____ Records supplied

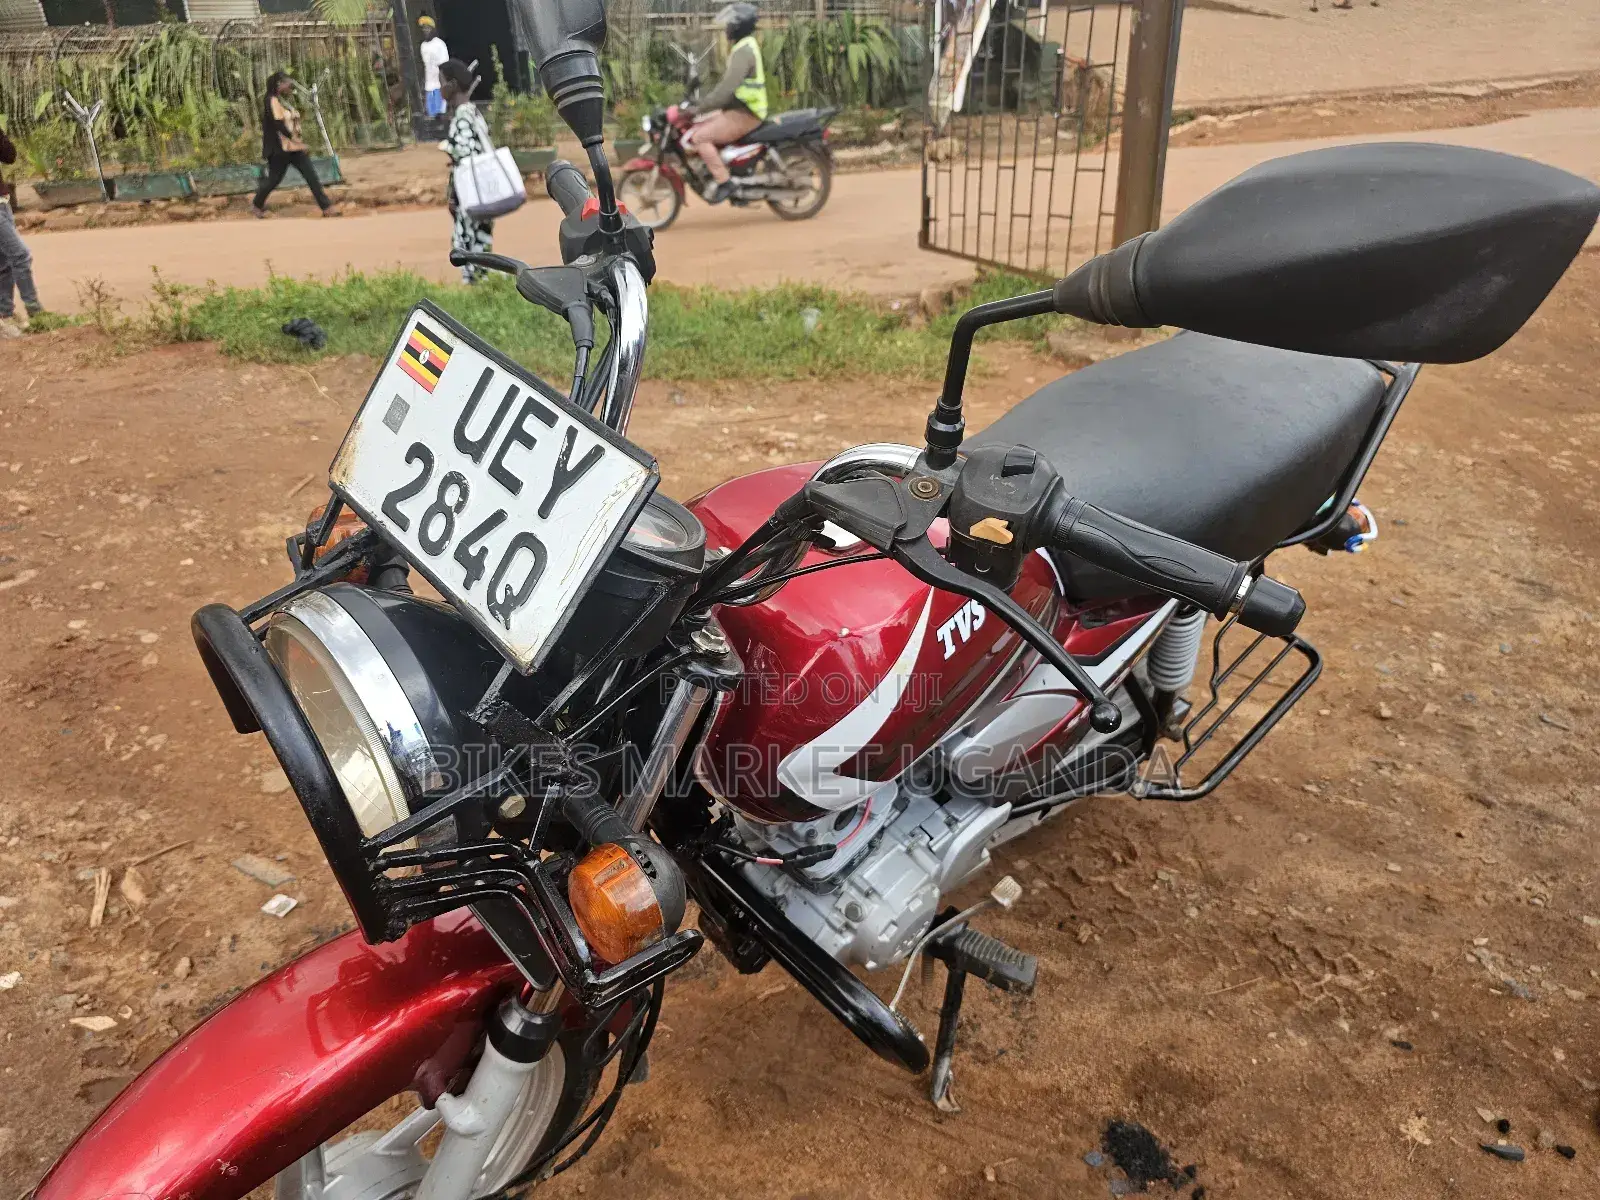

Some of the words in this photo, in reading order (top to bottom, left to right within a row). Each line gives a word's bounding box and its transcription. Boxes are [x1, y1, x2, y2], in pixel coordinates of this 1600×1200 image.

[453, 366, 605, 519] UEY
[381, 441, 548, 630] 284Q
[936, 598, 986, 661] TVS
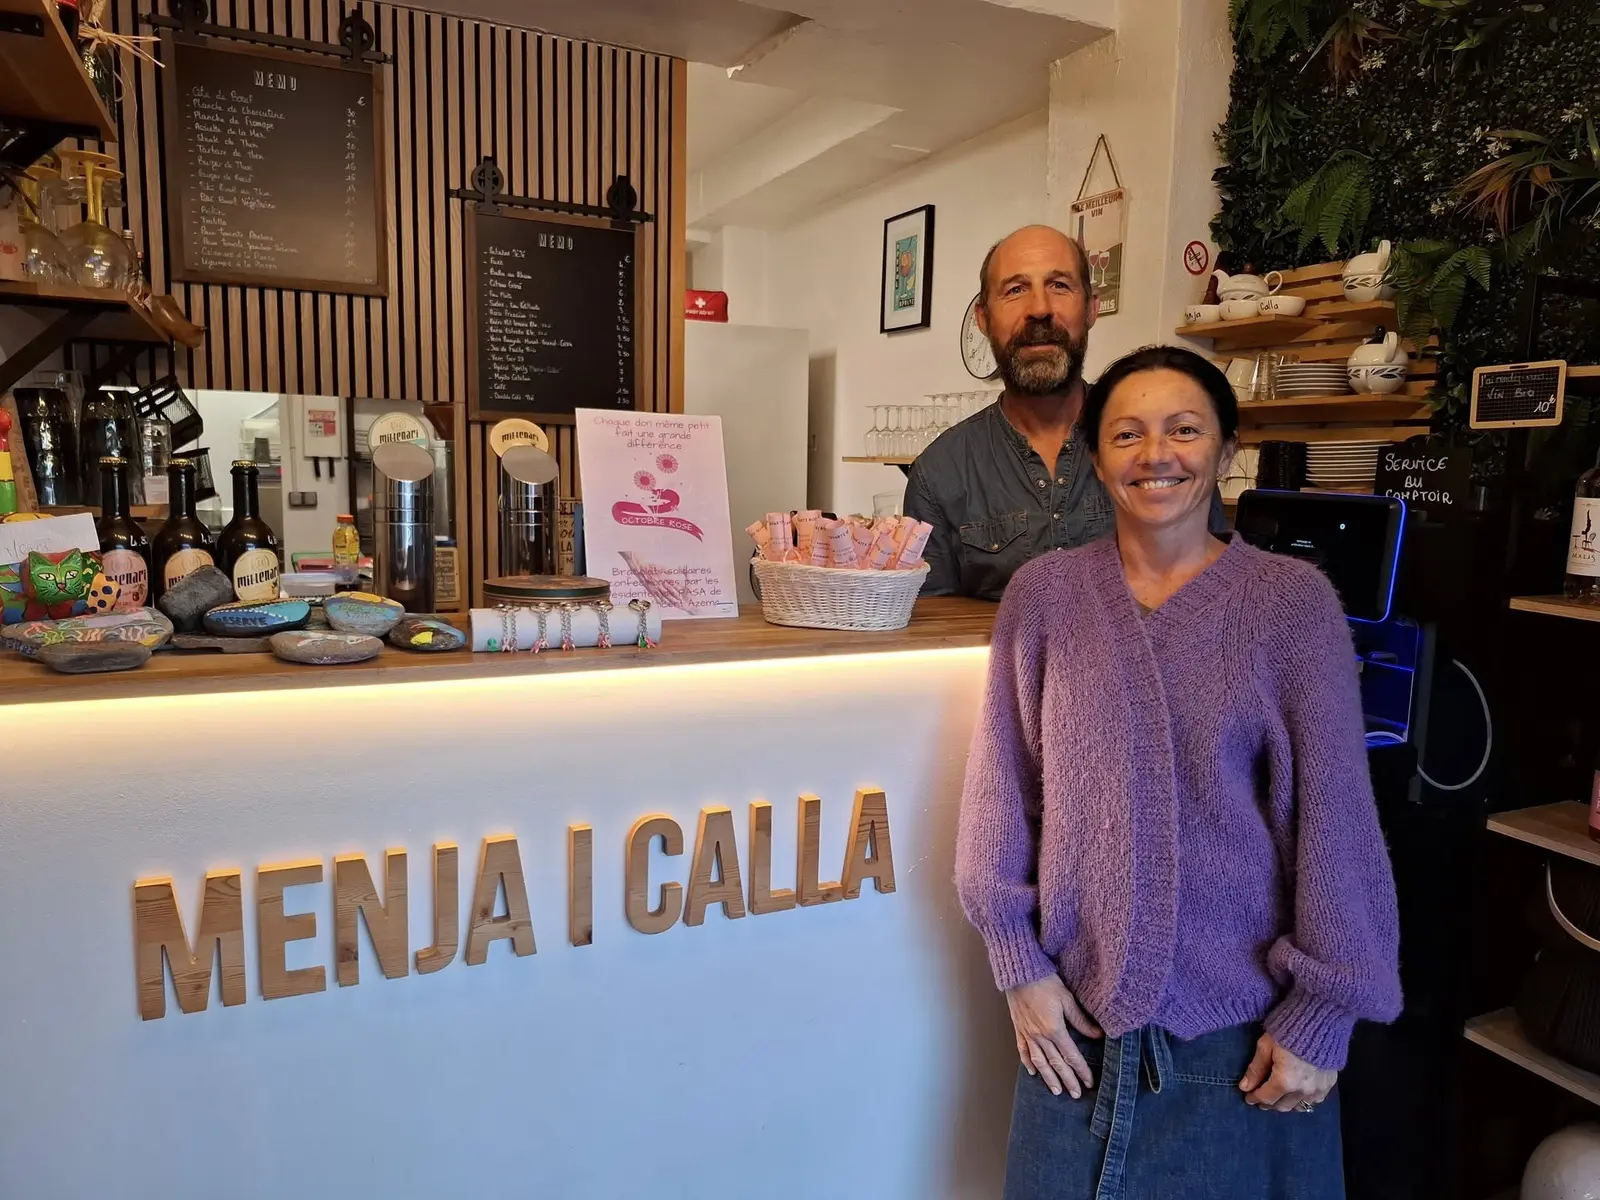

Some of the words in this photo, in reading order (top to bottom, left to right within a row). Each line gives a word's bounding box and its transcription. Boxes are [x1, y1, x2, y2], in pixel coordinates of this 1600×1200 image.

[1091, 208, 1104, 218] VIN
[1099, 300, 1116, 311] MIS
[1259, 300, 1279, 311] Calla
[593, 416, 631, 429] Chaque
[634, 417, 654, 428] don
[655, 420, 684, 430] même
[688, 420, 711, 433] petit
[615, 427, 634, 438] fait
[637, 430, 655, 439] une
[658, 430, 692, 444] grande
[621, 517, 665, 526] OCTOBRE
[669, 520, 694, 532] ROSE
[685, 579, 702, 589] par
[705, 577, 719, 586] les
[678, 587, 706, 597] PASA
[710, 586, 722, 596] de
[134, 832, 537, 1021] MENJA
[569, 823, 593, 947] I
[625, 787, 897, 935] CALLA
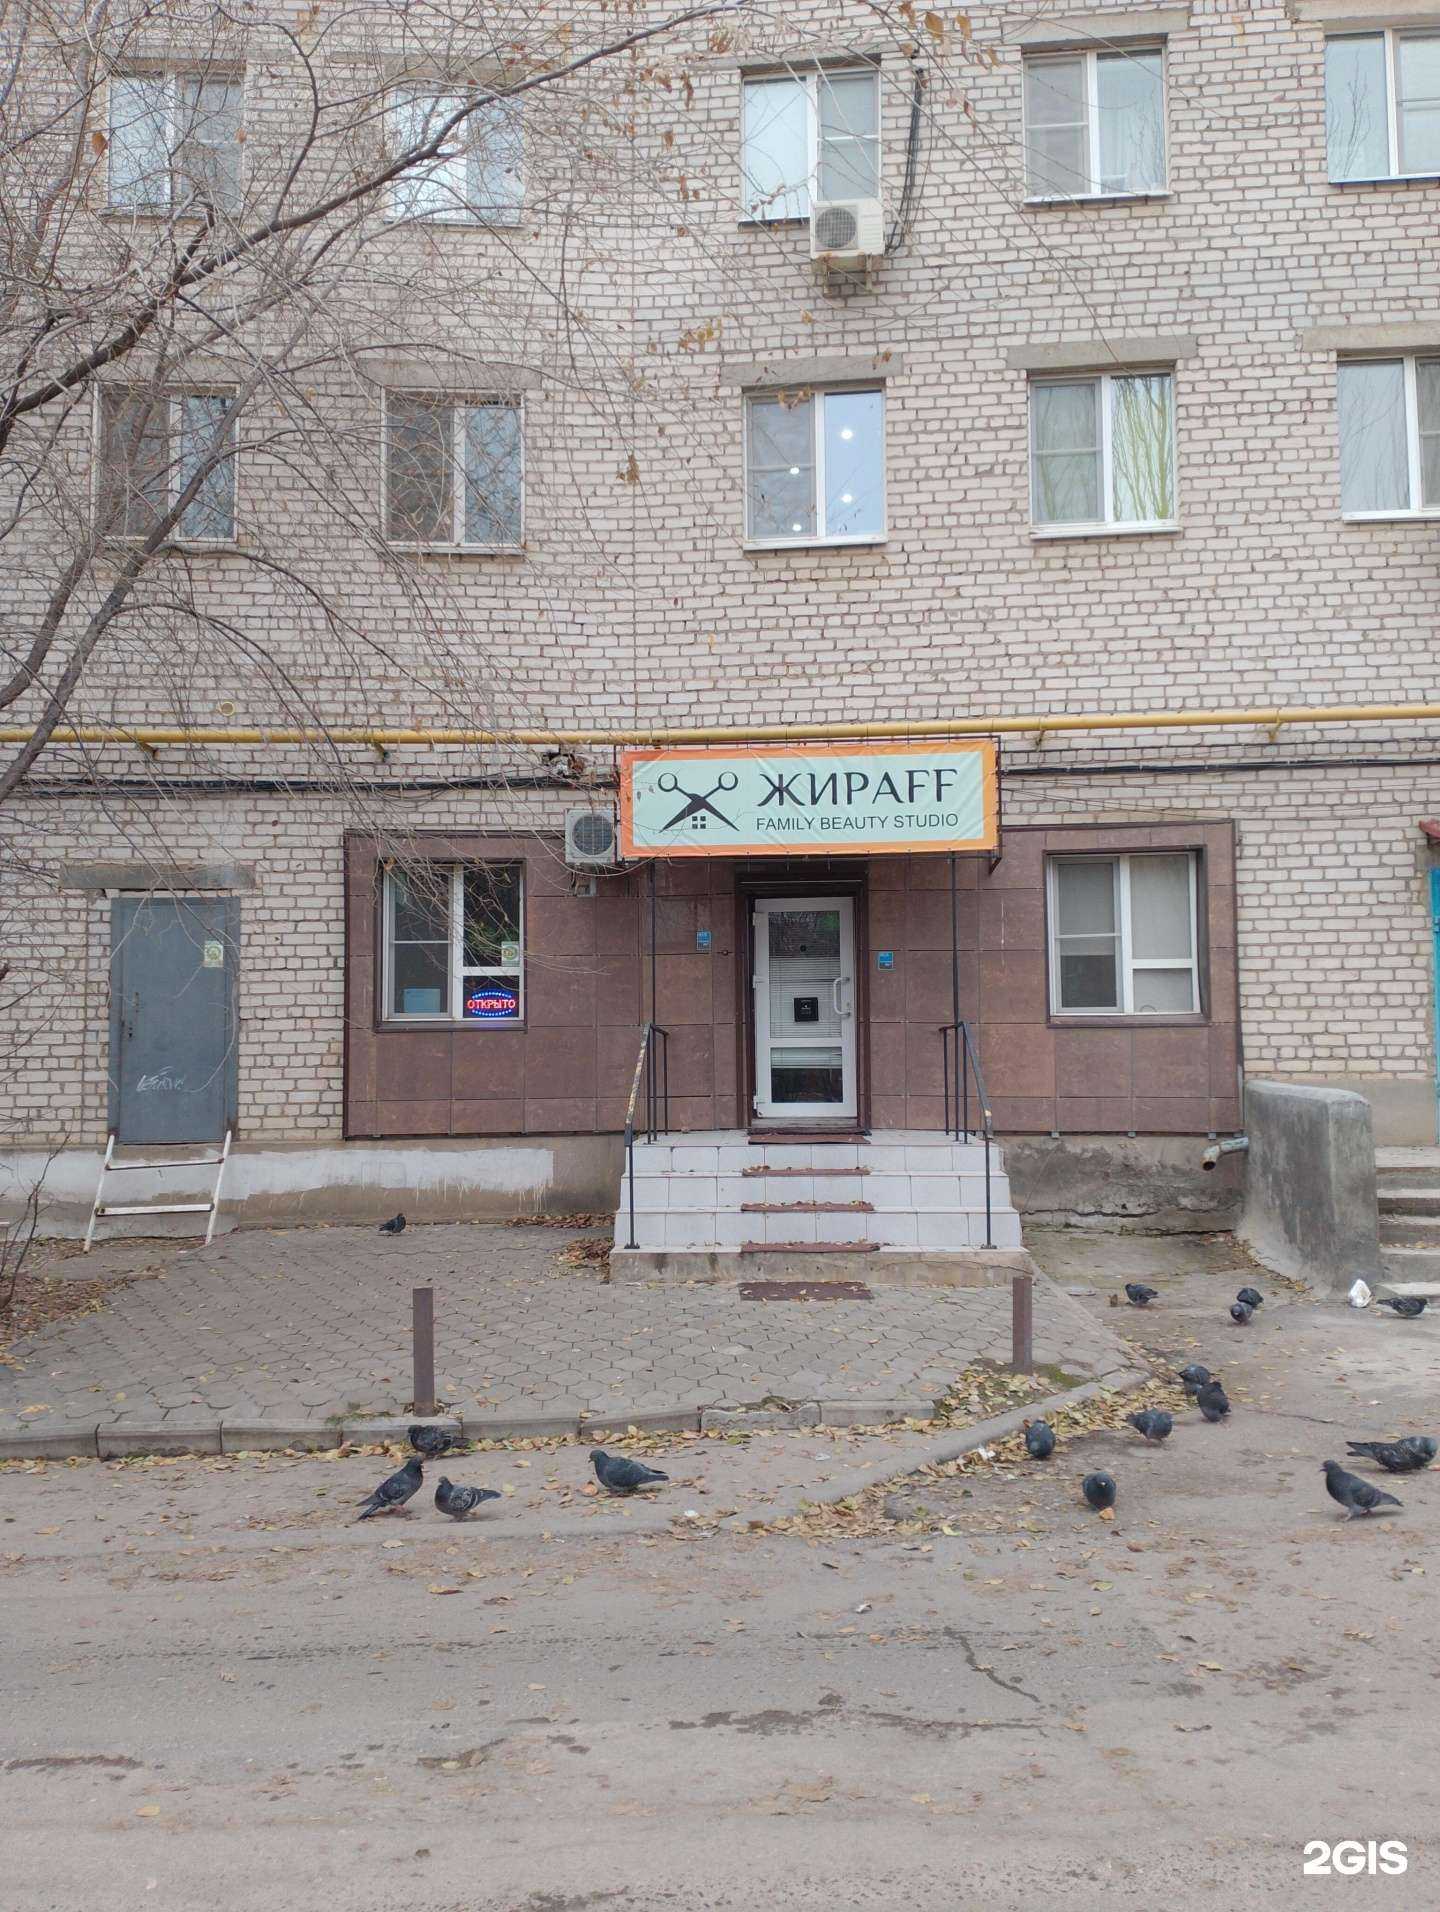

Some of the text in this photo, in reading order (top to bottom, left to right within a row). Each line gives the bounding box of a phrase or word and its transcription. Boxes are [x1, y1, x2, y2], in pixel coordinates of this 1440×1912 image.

[757, 768, 958, 807] ЖИРАFF
[756, 813, 959, 831] FAMILY BEAUTY STUDIO
[467, 999, 516, 1009] ОТКРЫТО
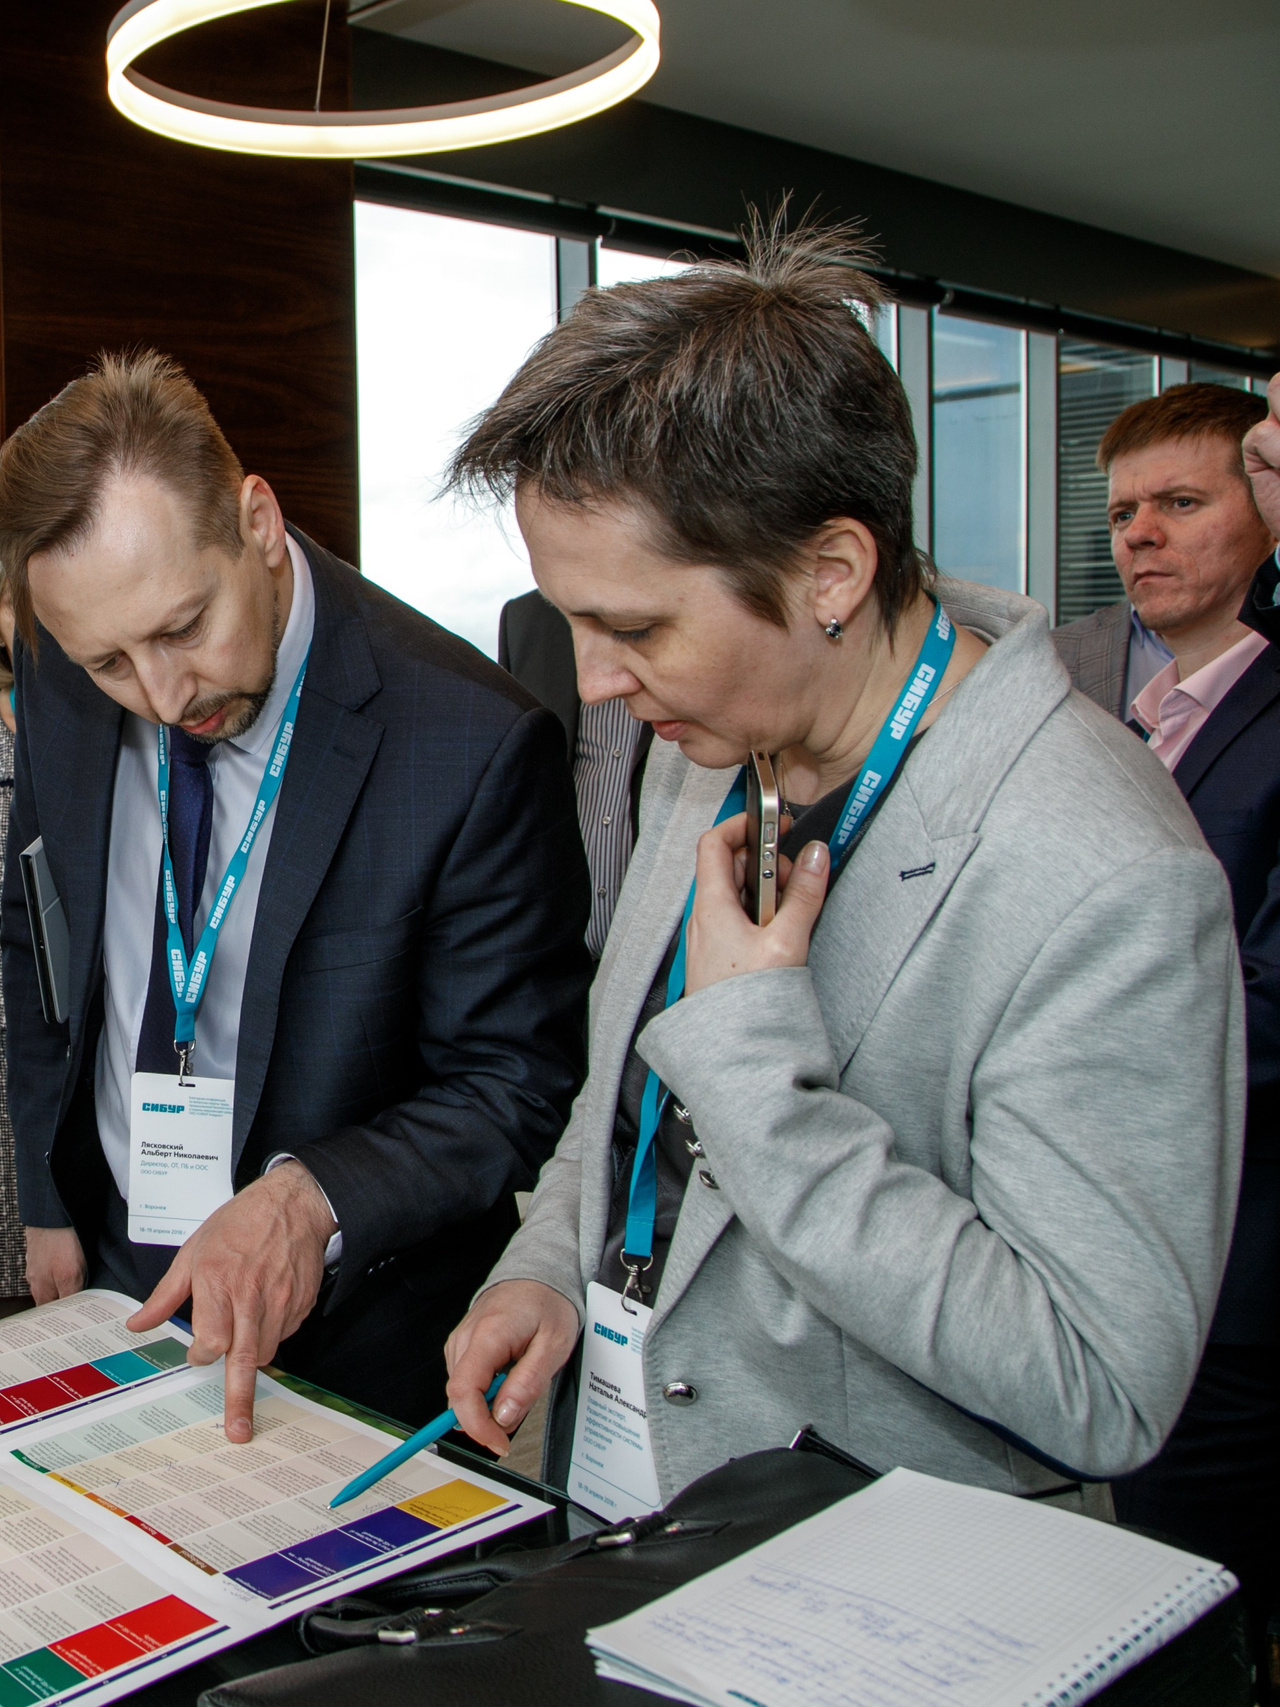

________

Write out the records exactly. Do not carry the pictures over.

→ Answer to this problem
Some of the words in this photo, in reading order (top to bottom, left to right within a row). Each line gives a word's bounding box and its transcription. Boxes are [x1, y1, x2, y2], in pixel coordinates of this 1600×1200 image.

[453, 366, 605, 519] UEY
[381, 441, 548, 630] 284Q
[936, 598, 986, 661] TVS

Some of the words in this photo, in reading order (top to bottom, left to right within a row). Each line gives a word's bounding box and its transcription. Boxes are [x1, y1, x2, y2], in pixel coordinates of this 1600×1200 image.

[1091, 208, 1104, 218] VIN
[1099, 300, 1116, 311] MIS
[1259, 300, 1279, 311] Calla
[593, 416, 631, 429] Chaque
[634, 417, 654, 428] don
[655, 420, 684, 430] même
[688, 420, 711, 433] petit
[615, 427, 634, 438] fait
[637, 430, 655, 439] une
[658, 430, 692, 444] grande
[621, 517, 665, 526] OCTOBRE
[669, 520, 694, 532] ROSE
[685, 579, 702, 589] par
[705, 577, 719, 586] les
[678, 587, 706, 597] PASA
[710, 586, 722, 596] de
[134, 832, 537, 1021] MENJA
[569, 823, 593, 947] I
[625, 787, 897, 935] CALLA

Some of the text in this photo, in reading order (top to bottom, left to right within a row). Each line gives the bounding box of a phrase or word and its transcription. Boxes are [x1, y1, x2, y2], in pixel coordinates of this 1440×1912 image.

[757, 768, 958, 807] ЖИРАFF
[756, 813, 959, 831] FAMILY BEAUTY STUDIO
[467, 999, 516, 1009] ОТКРЫТО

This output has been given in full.